Would you set down each line of the data below exactly?

▸ **ENTRIES PROVIDED**:
+===+

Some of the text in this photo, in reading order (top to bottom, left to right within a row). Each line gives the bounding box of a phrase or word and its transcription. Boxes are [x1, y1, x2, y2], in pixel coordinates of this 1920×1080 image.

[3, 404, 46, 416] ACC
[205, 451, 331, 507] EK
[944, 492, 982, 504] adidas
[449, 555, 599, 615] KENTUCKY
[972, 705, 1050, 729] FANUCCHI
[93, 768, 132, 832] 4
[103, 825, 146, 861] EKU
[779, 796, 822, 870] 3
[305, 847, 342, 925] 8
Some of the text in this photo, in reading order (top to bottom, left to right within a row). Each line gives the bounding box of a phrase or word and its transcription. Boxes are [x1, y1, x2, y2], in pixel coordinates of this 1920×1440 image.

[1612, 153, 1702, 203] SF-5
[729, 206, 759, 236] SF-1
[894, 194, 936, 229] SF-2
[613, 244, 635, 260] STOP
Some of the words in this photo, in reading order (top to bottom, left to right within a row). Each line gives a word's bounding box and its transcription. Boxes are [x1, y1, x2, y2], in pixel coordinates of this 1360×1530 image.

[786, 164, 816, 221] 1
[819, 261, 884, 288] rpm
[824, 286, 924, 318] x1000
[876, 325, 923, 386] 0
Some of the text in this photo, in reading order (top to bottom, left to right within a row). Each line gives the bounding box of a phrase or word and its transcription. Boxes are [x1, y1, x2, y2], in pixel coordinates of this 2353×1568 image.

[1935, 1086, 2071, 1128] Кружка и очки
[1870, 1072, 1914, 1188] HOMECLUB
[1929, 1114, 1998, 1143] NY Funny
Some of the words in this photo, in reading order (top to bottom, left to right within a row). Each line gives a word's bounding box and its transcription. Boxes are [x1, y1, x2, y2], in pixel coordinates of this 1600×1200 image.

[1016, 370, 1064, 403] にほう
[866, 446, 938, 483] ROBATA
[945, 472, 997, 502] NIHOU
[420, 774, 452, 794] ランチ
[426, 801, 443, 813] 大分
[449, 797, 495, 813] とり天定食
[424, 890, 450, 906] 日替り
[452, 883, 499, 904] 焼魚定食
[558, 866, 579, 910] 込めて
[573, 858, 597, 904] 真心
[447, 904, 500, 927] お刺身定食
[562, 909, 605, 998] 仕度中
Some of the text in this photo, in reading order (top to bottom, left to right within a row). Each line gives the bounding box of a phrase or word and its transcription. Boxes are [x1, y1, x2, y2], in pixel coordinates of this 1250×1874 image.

+===+

▸ **WRITTEN ANSWER**:
Some of the text in this photo, in reading order (top to bottom, left to right within a row). Each line gives the bounding box of a phrase or word and its transcription. Boxes are [x1, y1, x2, y2], in pixel coordinates of this 1920×1080 image.

[3, 404, 46, 416] ACC
[205, 451, 331, 507] EK
[944, 492, 982, 504] adidas
[449, 555, 599, 615] KENTUCKY
[972, 705, 1050, 729] FANUCCHI
[93, 768, 132, 832] 4
[103, 825, 146, 861] EKU
[779, 796, 822, 870] 3
[305, 847, 342, 925] 8
Some of the text in this photo, in reading order (top to bottom, left to right within a row). Each line gives the bounding box of a phrase or word and its transcription. Boxes are [x1, y1, x2, y2], in pixel coordinates of this 1920×1440 image.

[1612, 153, 1702, 203] SF-5
[729, 206, 759, 236] SF-1
[894, 194, 936, 229] SF-2
[613, 244, 635, 260] STOP
Some of the words in this photo, in reading order (top to bottom, left to right within a row). Each line gives a word's bounding box and its transcription. Boxes are [x1, y1, x2, y2], in pixel coordinates of this 1360×1530 image.

[786, 164, 816, 221] 1
[819, 261, 884, 288] rpm
[824, 286, 924, 318] x1000
[876, 325, 923, 386] 0
Some of the text in this photo, in reading order (top to bottom, left to right within a row). Each line gives the bounding box of a phrase or word and its transcription. Boxes are [x1, y1, x2, y2], in pixel coordinates of this 2353×1568 image.

[1935, 1086, 2071, 1128] Кружка и очки
[1870, 1072, 1914, 1188] HOMECLUB
[1929, 1114, 1998, 1143] NY Funny
Some of the words in this photo, in reading order (top to bottom, left to right within a row). Each line gives a word's bounding box and its transcription. Boxes are [x1, y1, x2, y2], in pixel coordinates of this 1600×1200 image.

[1016, 370, 1064, 403] にほう
[866, 446, 938, 483] ROBATA
[945, 472, 997, 502] NIHOU
[420, 774, 452, 794] ランチ
[426, 801, 443, 813] 大分
[449, 797, 495, 813] とり天定食
[424, 890, 450, 906] 日替り
[452, 883, 499, 904] 焼魚定食
[558, 866, 579, 910] 込めて
[573, 858, 597, 904] 真心
[447, 904, 500, 927] お刺身定食
[562, 909, 605, 998] 仕度中
Some of the text in this photo, in reading order (top to bottom, left to right within a row). Each line gives the bounding box of a phrase or word and its transcription. Boxes are [x1, y1, x2, y2], in pixel coordinates of this 1250×1874 image.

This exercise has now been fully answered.